- Collected data entries
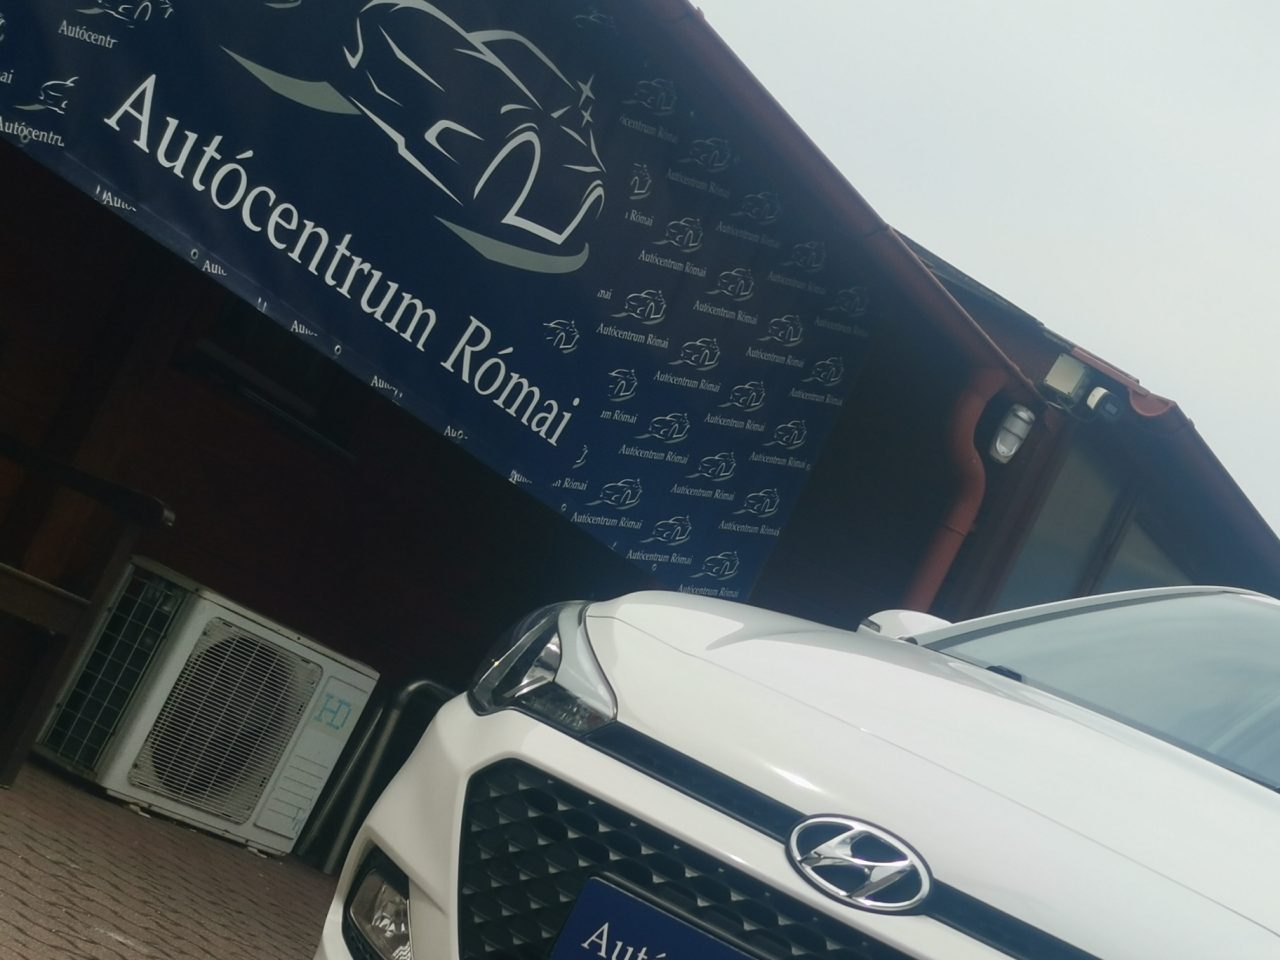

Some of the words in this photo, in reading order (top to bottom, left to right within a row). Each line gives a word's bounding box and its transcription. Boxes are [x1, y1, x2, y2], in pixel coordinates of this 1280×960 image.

[104, 73, 437, 352] Autócentrum
[440, 315, 581, 447] Római
[638, 250, 684, 272] Autócentrum
[595, 323, 645, 344] Autócentrum
[653, 370, 698, 388] Autócentrum
[618, 444, 665, 460] Autócentrum
[570, 512, 618, 526] Autócentrum
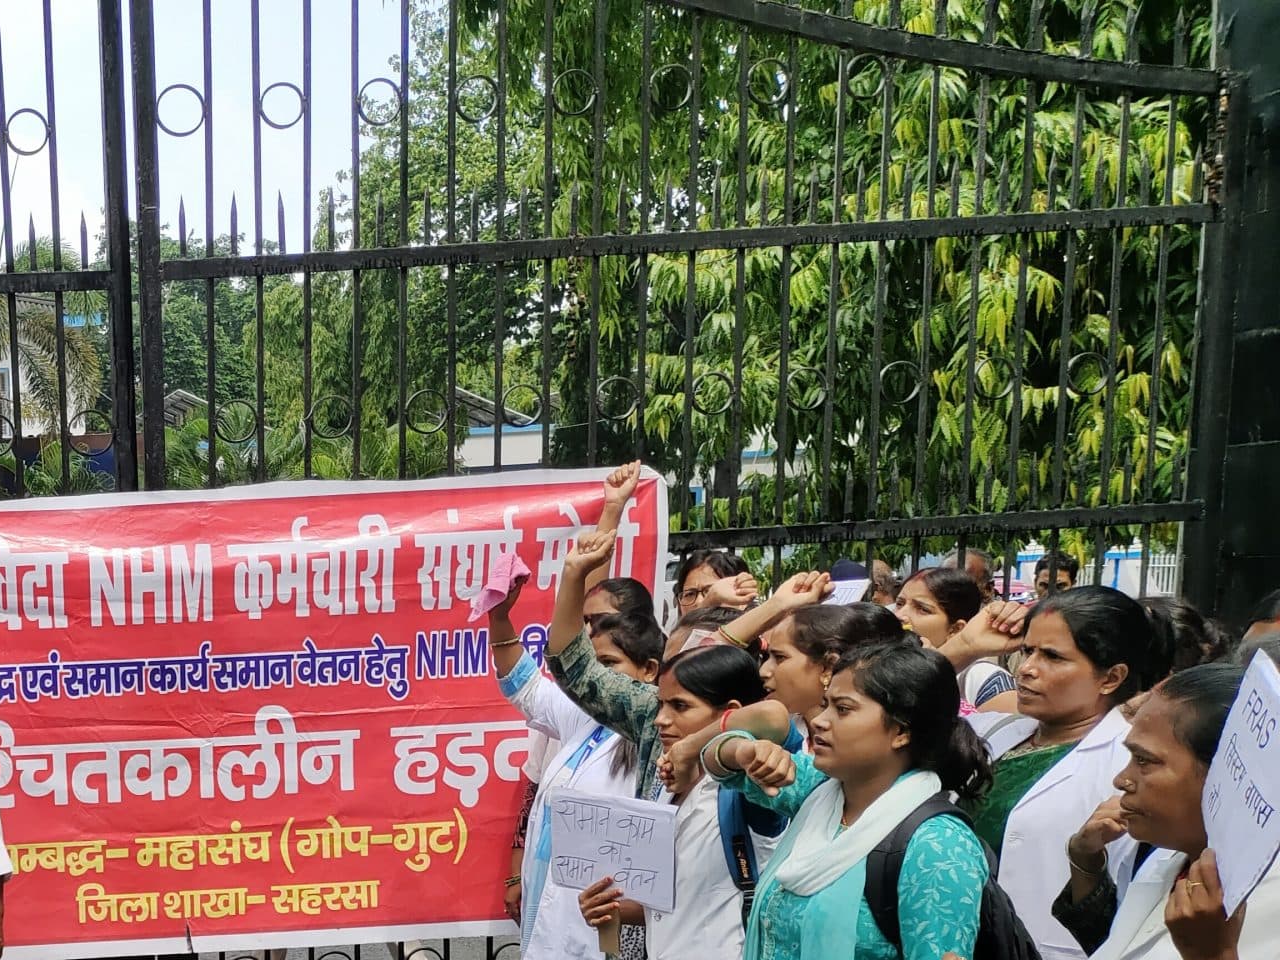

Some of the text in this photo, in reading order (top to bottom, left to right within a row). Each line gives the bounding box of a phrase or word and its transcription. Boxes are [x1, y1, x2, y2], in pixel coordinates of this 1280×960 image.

[88, 543, 214, 628] NHM
[228, 514, 402, 621] कर्मचारी
[22, 651, 59, 701] एवं
[64, 662, 145, 697] समान
[148, 642, 211, 691] कार्य
[213, 654, 294, 690] समान
[297, 637, 362, 684] वेतन
[365, 635, 408, 699] हेतु
[417, 629, 488, 678] NHM
[1242, 688, 1276, 749] FRAS
[556, 800, 656, 846] समान काम
[1244, 779, 1275, 829] वापस
[135, 820, 272, 870] महासंघ
[280, 808, 468, 874] (गोप-गुट)
[76, 880, 380, 924] जिला शाखा- सहरसा
[555, 855, 660, 894] समान वेतन
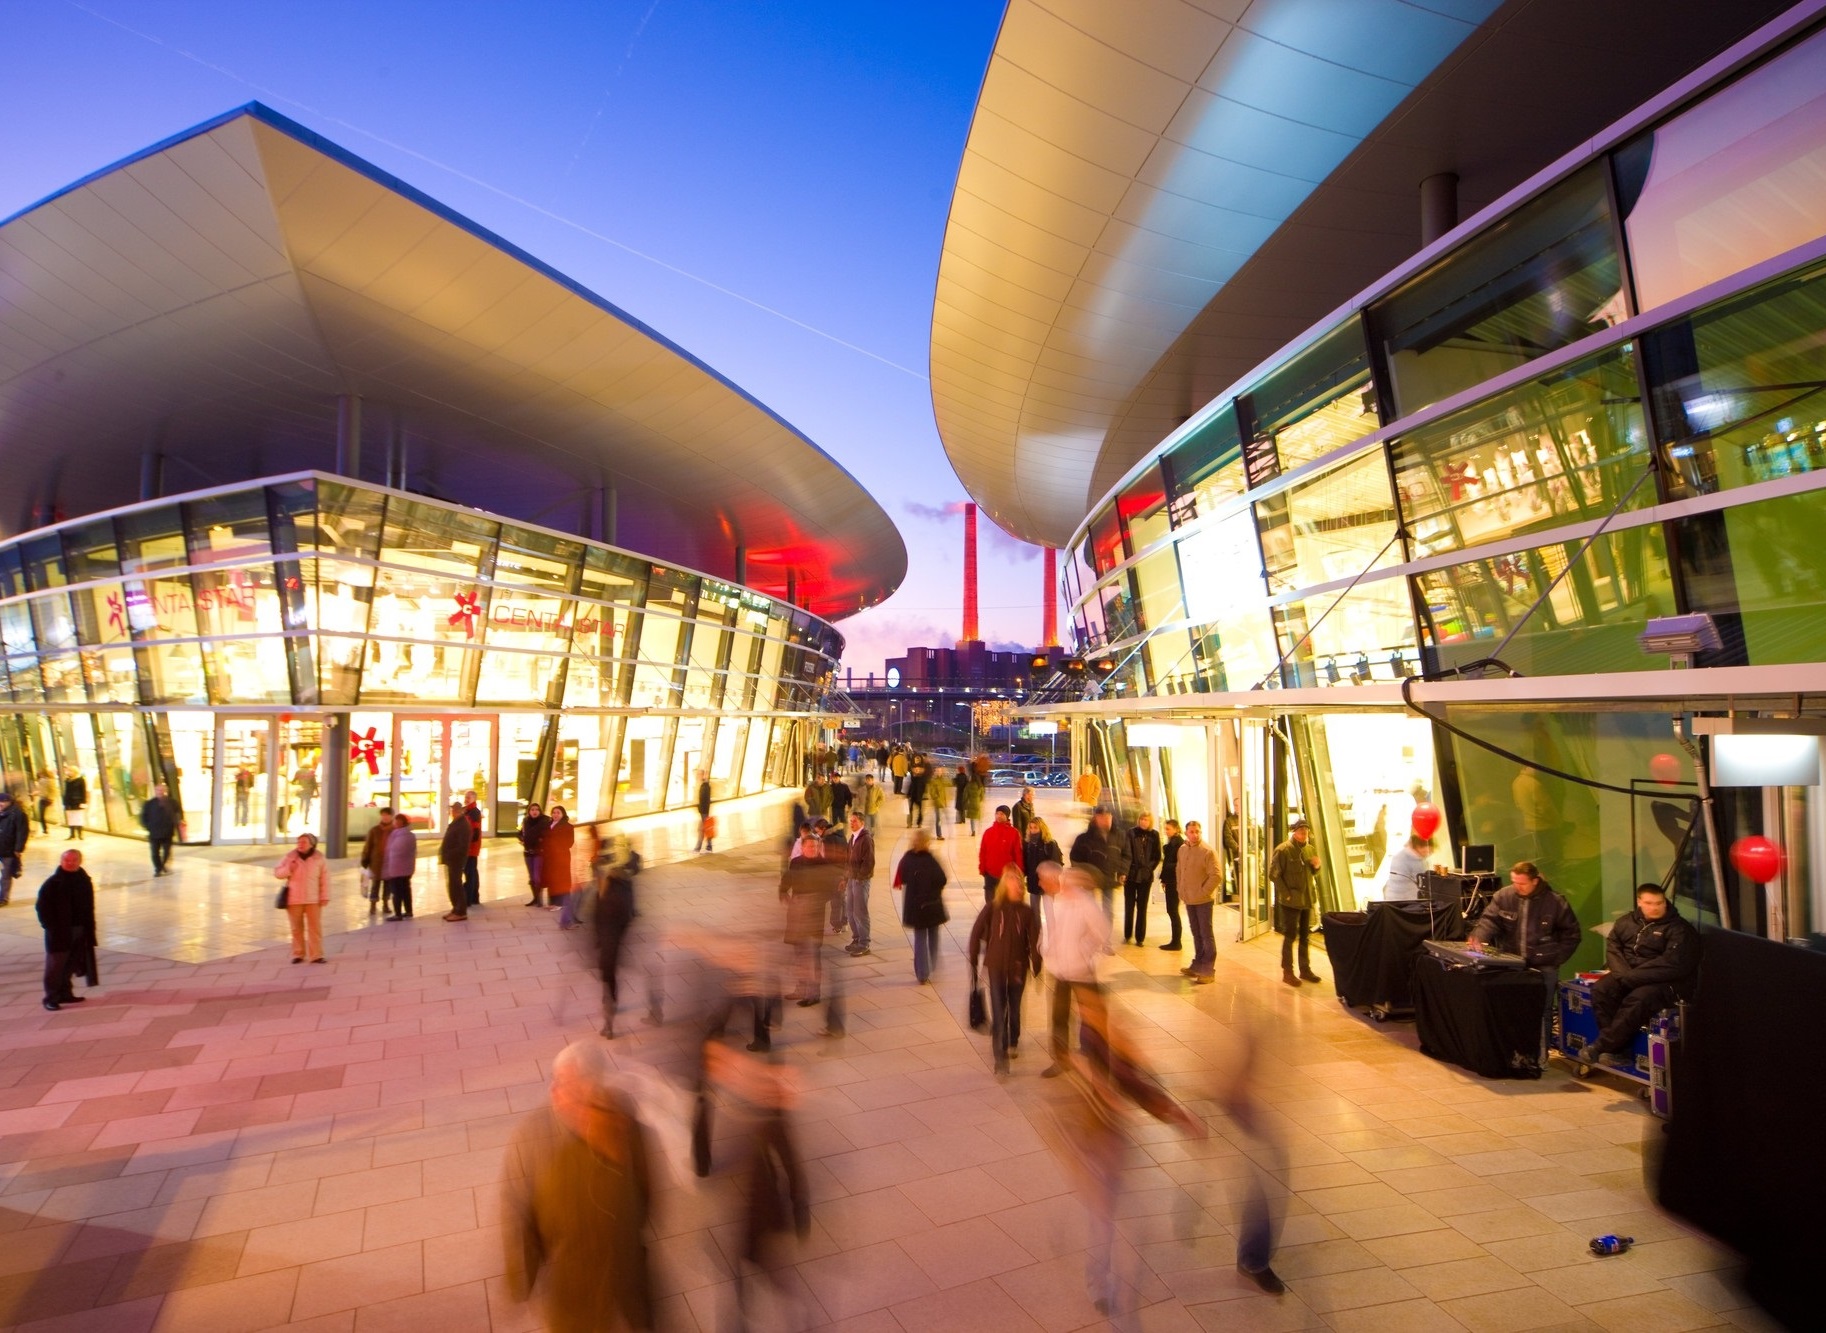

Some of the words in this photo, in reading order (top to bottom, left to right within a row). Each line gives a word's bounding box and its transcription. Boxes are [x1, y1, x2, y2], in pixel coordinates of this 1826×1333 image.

[153, 592, 193, 615] NTA
[493, 604, 571, 631] CENTA
[576, 616, 625, 639] STAR

- WHAT THE TASK REQUIRES
All the lines above need to be repeated exactly, with no pictures carried over.

- TASK ANSWER
Some of the words in this photo, in reading order (top to bottom, left to right within a row). Each line gives a word's bounding box and its transcription. Boxes are [x1, y1, x2, y2], in pixel coordinates of this 1280×960 image.

[104, 73, 437, 352] Autócentrum
[440, 315, 581, 447] Római
[638, 250, 684, 272] Autócentrum
[595, 323, 645, 344] Autócentrum
[653, 370, 698, 388] Autócentrum
[618, 444, 665, 460] Autócentrum
[570, 512, 618, 526] Autócentrum

Some of the text in this photo, in reading order (top to bottom, left to right within a row). Each line gives the bounding box of a phrase or word and its transcription. Boxes are [x1, y1, x2, y2], in pixel coordinates of this 1280×960 image.

[88, 543, 214, 628] NHM
[228, 514, 402, 621] कर्मचारी
[22, 651, 59, 701] एवं
[64, 662, 145, 697] समान
[148, 642, 211, 691] कार्य
[213, 654, 294, 690] समान
[297, 637, 362, 684] वेतन
[365, 635, 408, 699] हेतु
[417, 629, 488, 678] NHM
[1242, 688, 1276, 749] FRAS
[556, 800, 656, 846] समान काम
[1244, 779, 1275, 829] वापस
[135, 820, 272, 870] महासंघ
[280, 808, 468, 874] (गोप-गुट)
[76, 880, 380, 924] जिला शाखा- सहरसा
[555, 855, 660, 894] समान वेतन

Some of the words in this photo, in reading order (top to bottom, left to right within a row). Each line gives a word's bounding box and its transcription. Boxes are [x1, y1, x2, y2], in pixel coordinates of this 1826×1333 image.

[153, 592, 193, 615] NTA
[493, 604, 571, 631] CENTA
[576, 616, 625, 639] STAR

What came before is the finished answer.